How to implement a recursive combination finder in CUDA or OpenCL for large datasets?

I have a problem involving several thousand lists of integers, each containing thousands of elements. My goal is to find a combination of elements (one from each list) such that the method IsCombinationValid returns true. Here’s how the validation works:

  • The method IsCombinationValid accepts the list of chosen values and checks if they form a valid combination.
  • If the input (e.g., x, y, z) is invalid, all combinations starting with that input are also invalid, so they can be skipped.
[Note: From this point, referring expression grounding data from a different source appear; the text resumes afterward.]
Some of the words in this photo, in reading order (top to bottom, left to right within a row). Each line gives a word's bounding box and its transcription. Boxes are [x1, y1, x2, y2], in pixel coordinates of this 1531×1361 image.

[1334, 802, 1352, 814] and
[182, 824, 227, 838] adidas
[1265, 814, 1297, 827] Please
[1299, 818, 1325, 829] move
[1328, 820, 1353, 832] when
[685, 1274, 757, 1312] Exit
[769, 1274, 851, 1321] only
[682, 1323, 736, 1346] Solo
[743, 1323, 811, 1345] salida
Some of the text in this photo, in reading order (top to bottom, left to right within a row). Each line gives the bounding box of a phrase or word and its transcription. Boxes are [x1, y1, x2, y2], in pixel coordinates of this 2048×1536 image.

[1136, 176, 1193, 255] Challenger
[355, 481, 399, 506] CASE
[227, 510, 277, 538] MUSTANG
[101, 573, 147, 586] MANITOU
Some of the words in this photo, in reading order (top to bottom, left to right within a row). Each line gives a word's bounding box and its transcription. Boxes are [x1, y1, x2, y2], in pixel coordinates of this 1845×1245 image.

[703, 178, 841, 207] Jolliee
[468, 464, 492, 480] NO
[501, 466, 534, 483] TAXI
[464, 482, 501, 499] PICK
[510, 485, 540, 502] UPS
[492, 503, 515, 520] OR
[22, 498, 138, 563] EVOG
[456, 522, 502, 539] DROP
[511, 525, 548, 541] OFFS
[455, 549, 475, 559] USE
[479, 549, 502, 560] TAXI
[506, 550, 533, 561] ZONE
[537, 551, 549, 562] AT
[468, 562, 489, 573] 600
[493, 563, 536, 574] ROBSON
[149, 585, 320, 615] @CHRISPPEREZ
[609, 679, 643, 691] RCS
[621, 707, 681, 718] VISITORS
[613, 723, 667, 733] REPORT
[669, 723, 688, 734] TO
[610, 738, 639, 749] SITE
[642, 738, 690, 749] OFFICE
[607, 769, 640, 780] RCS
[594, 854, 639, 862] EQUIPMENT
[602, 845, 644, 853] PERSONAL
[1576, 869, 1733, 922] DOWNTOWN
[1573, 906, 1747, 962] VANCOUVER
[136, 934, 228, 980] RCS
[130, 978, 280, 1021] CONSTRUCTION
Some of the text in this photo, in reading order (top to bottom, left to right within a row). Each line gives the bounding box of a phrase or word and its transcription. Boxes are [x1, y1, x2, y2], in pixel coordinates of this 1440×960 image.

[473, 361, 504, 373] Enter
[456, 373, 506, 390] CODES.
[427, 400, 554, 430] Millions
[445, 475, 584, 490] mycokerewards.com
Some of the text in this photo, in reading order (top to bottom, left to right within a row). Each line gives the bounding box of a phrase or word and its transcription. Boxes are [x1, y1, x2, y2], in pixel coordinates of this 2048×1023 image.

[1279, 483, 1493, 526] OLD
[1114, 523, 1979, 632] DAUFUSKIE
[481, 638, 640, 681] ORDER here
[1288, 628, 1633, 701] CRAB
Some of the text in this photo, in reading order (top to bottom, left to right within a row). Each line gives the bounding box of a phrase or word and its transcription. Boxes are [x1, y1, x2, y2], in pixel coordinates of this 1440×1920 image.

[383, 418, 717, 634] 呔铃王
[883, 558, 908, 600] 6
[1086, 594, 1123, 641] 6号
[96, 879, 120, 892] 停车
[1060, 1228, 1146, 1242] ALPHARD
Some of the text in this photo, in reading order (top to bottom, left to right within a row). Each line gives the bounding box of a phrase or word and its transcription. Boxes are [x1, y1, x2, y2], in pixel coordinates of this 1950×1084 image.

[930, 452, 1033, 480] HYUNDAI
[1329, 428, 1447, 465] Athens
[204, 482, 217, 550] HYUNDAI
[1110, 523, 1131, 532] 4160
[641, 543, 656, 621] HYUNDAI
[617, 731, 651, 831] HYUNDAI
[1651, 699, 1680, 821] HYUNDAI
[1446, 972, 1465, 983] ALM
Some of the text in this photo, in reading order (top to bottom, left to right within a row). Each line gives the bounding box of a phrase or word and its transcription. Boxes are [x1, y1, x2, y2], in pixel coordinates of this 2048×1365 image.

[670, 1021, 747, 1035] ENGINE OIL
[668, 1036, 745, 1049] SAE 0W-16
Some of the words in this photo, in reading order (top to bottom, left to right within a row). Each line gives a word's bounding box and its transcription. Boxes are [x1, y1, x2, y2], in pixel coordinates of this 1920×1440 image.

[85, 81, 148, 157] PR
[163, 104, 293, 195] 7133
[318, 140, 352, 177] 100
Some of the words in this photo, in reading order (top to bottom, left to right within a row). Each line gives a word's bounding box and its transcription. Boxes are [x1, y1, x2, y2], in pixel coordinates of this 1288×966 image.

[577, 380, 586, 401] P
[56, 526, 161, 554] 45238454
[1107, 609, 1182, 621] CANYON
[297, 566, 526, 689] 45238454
Currently, I am using a recursive approach in C++. I choose one element from a list, check it along with the previously chosen values, and if invalid, move to the next element. If all elements in a list are invalid, I backtrack to the previous list and try its next element, and so on. Here’s my C++ code:

void Finder(uint32_t threadIdx, uint32_t firstListStartElementIdx, uint32_t firstListEndElementIdx, std::vector<std::vector<uint32_t>> &lists) {
    std::vector<uint32_t> listsCurrentElementIdx;
    listsCurrentElementIdx.push_back(firstListStartElementIdx);
    size_t firstListElementCount = lists[0].size();

CheckCurrentList:;
    if (isFound) return;

    uint32_t currentListIdx = listsCurrentElementIdx.size() - 1;

    if (currentListIdx == 0) {
        if (listsCurrentElementIdx.back() >= firstListEndElementIdx) {
            printf("### failed : threadIdx %u\n", threadIdx);
            return;
        } else {
            listsCurrentElementIdx.push_back(0);
            goto CheckCurrentList;
        }
    }

    std::vector<uint32_t> &currentList = lists[currentListIdx];
    uint32_t &currentListElementIdx = listsCurrentElementIdx.back();

    while (currentListElementIdx < currentList.size()) {
        if (!IsCombinationValid(lists, listsCurrentElementIdx)) goto CurrentListElementInvalid;

        // Valid combination found
        if (lists.size() == listsCurrentElementIdx.size()) {
            isFound = 1;
            // Print combination
            return;
        }
        listsCurrentElementIdx.push_back(0);
        goto CheckCurrentList;

    CurrentListElementInvalid:;
        ++currentListElementIdx;
    }

    listsCurrentElementIdx.pop_back();
    listsCurrentElementIdx.back()++;

    goto CheckCurrentList;
}

In this code, the first list is divided among threads. This approach works but is infeasible for large lists, even with multithreading on a CPU. I want to implement this in CUDA or OpenCL to leverage GPU parallelism, but I am new to GPU programming.

Problem:

I don’t know how to efficiently divide the work among GPU threads for this problem:

  1. Each thread might need to perform backtracking independently, and some threads may finish early without finding a valid combination, leading to idle threads.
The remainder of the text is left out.